After a break for lunch, and armored like extras from that other game where a bunch of folks roam around in the forest bearing potentially lethal hardware, the Game of Thrones, we headed into the woods to cut down some trees. No half measures here, the main objective of the course is for each participant to cut down a very tall tree, and have it land where it’s supposed to.

Now, you may do a little more standing around than you’d think on this course. I thought it would be much more hands on, with us all doing a lot of cutting throughout the day; instead, the emphasis is on observation and repetition. With ten participants on the course, and with each carrying out a cut while the others watch, things that you miss seeing a guy do on the first pass are obvious by the time you see it done by ten guys ten times. Cutting a measured notch cut and felling a tree can give you a quite a buzz when you know you’re being watched by everyone on the course and every movement is being scored by Bill, but when the adrenaline is flowing you can get caught up in the moment too much to really absorb everything you’re doing: making cuts at the right angle; holding the saw properly; keeping the saw steady; using the correct part of the cutting edge; and avoiding kickback. It turns out that when you can see the same actions that you have done or are about to do being performed several times by nine other folks you can learn much more than by taking the cut yourself and then immediately moving on to the next phase.

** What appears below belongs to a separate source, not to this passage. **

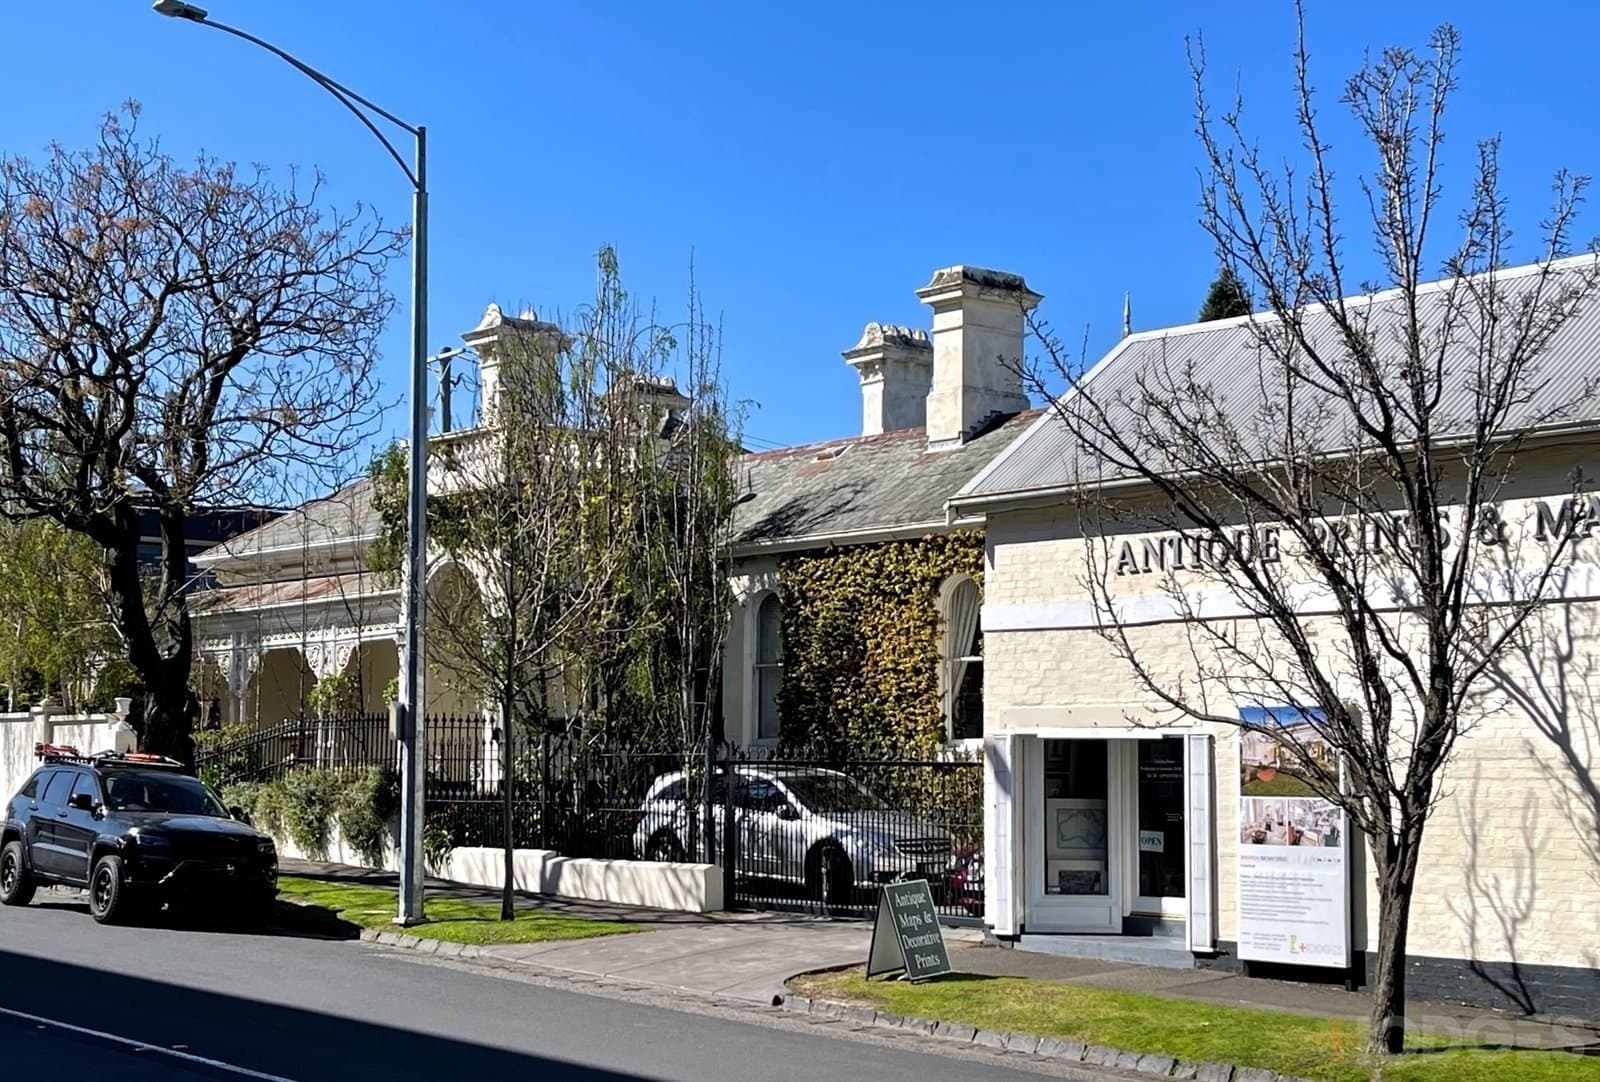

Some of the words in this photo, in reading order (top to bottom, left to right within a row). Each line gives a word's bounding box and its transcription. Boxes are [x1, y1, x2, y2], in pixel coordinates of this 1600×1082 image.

(Additional tip I gleaned from fellow participants: spitting a stream of Skoal juice with your helmet face screen down while you’re in the middle of a cut isn’t the best of ideas either.)

Bill Lindloff has a way of keeping you engaged. With unblinking eye contact (nobody escaped the “stare” to see if you understood what he was saying) and a sense of mischief, he is a humorous guy, and as hard as nails. While we were all standing around stamping our feet and trying to warm our wet-gloved hands under our armpits, Bill went through the whole day barehanded and so enthusiastic you got the feeling he could easily finish teaching this course, sleep out in the woods with no sleeping bag in freezing sleet and a howling wind and still have enough energy to chop down a dozen trees before breakfast the next day.

But take heart, newbies, you don’t have to be a grizzled outdoorsman to do good. The oldster, who’d never even fired up his brand new and shiny chainsaw before he brought it on the course, beat vastly more experienced guys who are out using a chainsaw for work every day to come in second out of ten in our informal competition. The course also seems to be designed to build a sense of camaraderie among the participants that will encourage the most urban of urban lumberjacks or lumberjills, whatever your lack of experience.

In sum, I had a great time. By the time it was all over I felt like I’d been through the Game of Flogging rather than the Game of Logging, but though I’d felt cold all day I had a warm feeling of accomplishment and confidence about using a chainsaw, cutting firewood and felling trees that I couldn’t have managed to achieve left to my own devices (and YouTube). I also felt less of a hapless weekender. And that large bourbon I had when I got home? That was one of those drinks I will remember for a lifetime. Game of Logging 2?  You bet—but maybe on a sunny and dry fall day next time.

Game of Logging and Woodland Training courses are available all through the Northeast and cost $150.00 for the day. Level 2 will give you experience in a wider variety of logging techniques, such as limbing, bucking and spring pole cutting, Level 3, techniques for handling difficult trees (you want it to fall left, but it leans right) and Level 4, ways to maximize a harvest plan and felling at working speed using all the techniques from previous levels.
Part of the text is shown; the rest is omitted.